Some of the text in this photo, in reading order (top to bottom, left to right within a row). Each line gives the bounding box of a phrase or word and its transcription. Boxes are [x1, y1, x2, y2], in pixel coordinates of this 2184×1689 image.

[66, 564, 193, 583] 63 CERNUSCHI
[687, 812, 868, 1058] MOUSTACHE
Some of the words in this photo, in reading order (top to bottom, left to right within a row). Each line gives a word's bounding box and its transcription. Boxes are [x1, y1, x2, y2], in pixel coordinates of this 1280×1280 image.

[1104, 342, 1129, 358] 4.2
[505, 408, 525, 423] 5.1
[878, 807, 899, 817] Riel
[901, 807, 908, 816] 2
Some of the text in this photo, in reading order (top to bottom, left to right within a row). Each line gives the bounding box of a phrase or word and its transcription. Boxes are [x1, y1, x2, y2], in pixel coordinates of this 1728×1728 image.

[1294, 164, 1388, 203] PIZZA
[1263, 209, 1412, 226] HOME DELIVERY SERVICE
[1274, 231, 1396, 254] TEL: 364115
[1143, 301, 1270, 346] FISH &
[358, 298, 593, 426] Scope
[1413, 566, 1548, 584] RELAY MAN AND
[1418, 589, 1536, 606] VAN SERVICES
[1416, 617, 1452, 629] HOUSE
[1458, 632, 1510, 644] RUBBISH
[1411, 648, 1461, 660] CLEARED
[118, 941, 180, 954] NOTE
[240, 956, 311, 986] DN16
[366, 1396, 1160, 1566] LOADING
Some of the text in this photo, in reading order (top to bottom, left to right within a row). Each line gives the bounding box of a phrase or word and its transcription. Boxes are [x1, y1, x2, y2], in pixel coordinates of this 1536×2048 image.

▶ **Your goal**
Each line of the listing must appear in the answer exactly as above.

▶ **Answer to this task**
Some of the text in this photo, in reading order (top to bottom, left to right within a row). Each line gives the bounding box of a phrase or word and its transcription. Boxes are [x1, y1, x2, y2], in pixel coordinates of this 2184×1689 image.

[66, 564, 193, 583] 63 CERNUSCHI
[687, 812, 868, 1058] MOUSTACHE
Some of the words in this photo, in reading order (top to bottom, left to right within a row). Each line gives a word's bounding box and its transcription. Boxes are [x1, y1, x2, y2], in pixel coordinates of this 1280×1280 image.

[1104, 342, 1129, 358] 4.2
[505, 408, 525, 423] 5.1
[878, 807, 899, 817] Riel
[901, 807, 908, 816] 2
Some of the text in this photo, in reading order (top to bottom, left to right within a row). Each line gives the bounding box of a phrase or word and its transcription. Boxes are [x1, y1, x2, y2], in pixel coordinates of this 1728×1728 image.

[1294, 164, 1388, 203] PIZZA
[1263, 209, 1412, 226] HOME DELIVERY SERVICE
[1274, 231, 1396, 254] TEL: 364115
[1143, 301, 1270, 346] FISH &
[358, 298, 593, 426] Scope
[1413, 566, 1548, 584] RELAY MAN AND
[1418, 589, 1536, 606] VAN SERVICES
[1416, 617, 1452, 629] HOUSE
[1458, 632, 1510, 644] RUBBISH
[1411, 648, 1461, 660] CLEARED
[118, 941, 180, 954] NOTE
[240, 956, 311, 986] DN16
[366, 1396, 1160, 1566] LOADING
Some of the text in this photo, in reading order (top to bottom, left to right within a row). Each line gives the bounding box of a phrase or word and its transcription. Boxes are [x1, y1, x2, y2], in pixel coordinates of this 1536×2048 image.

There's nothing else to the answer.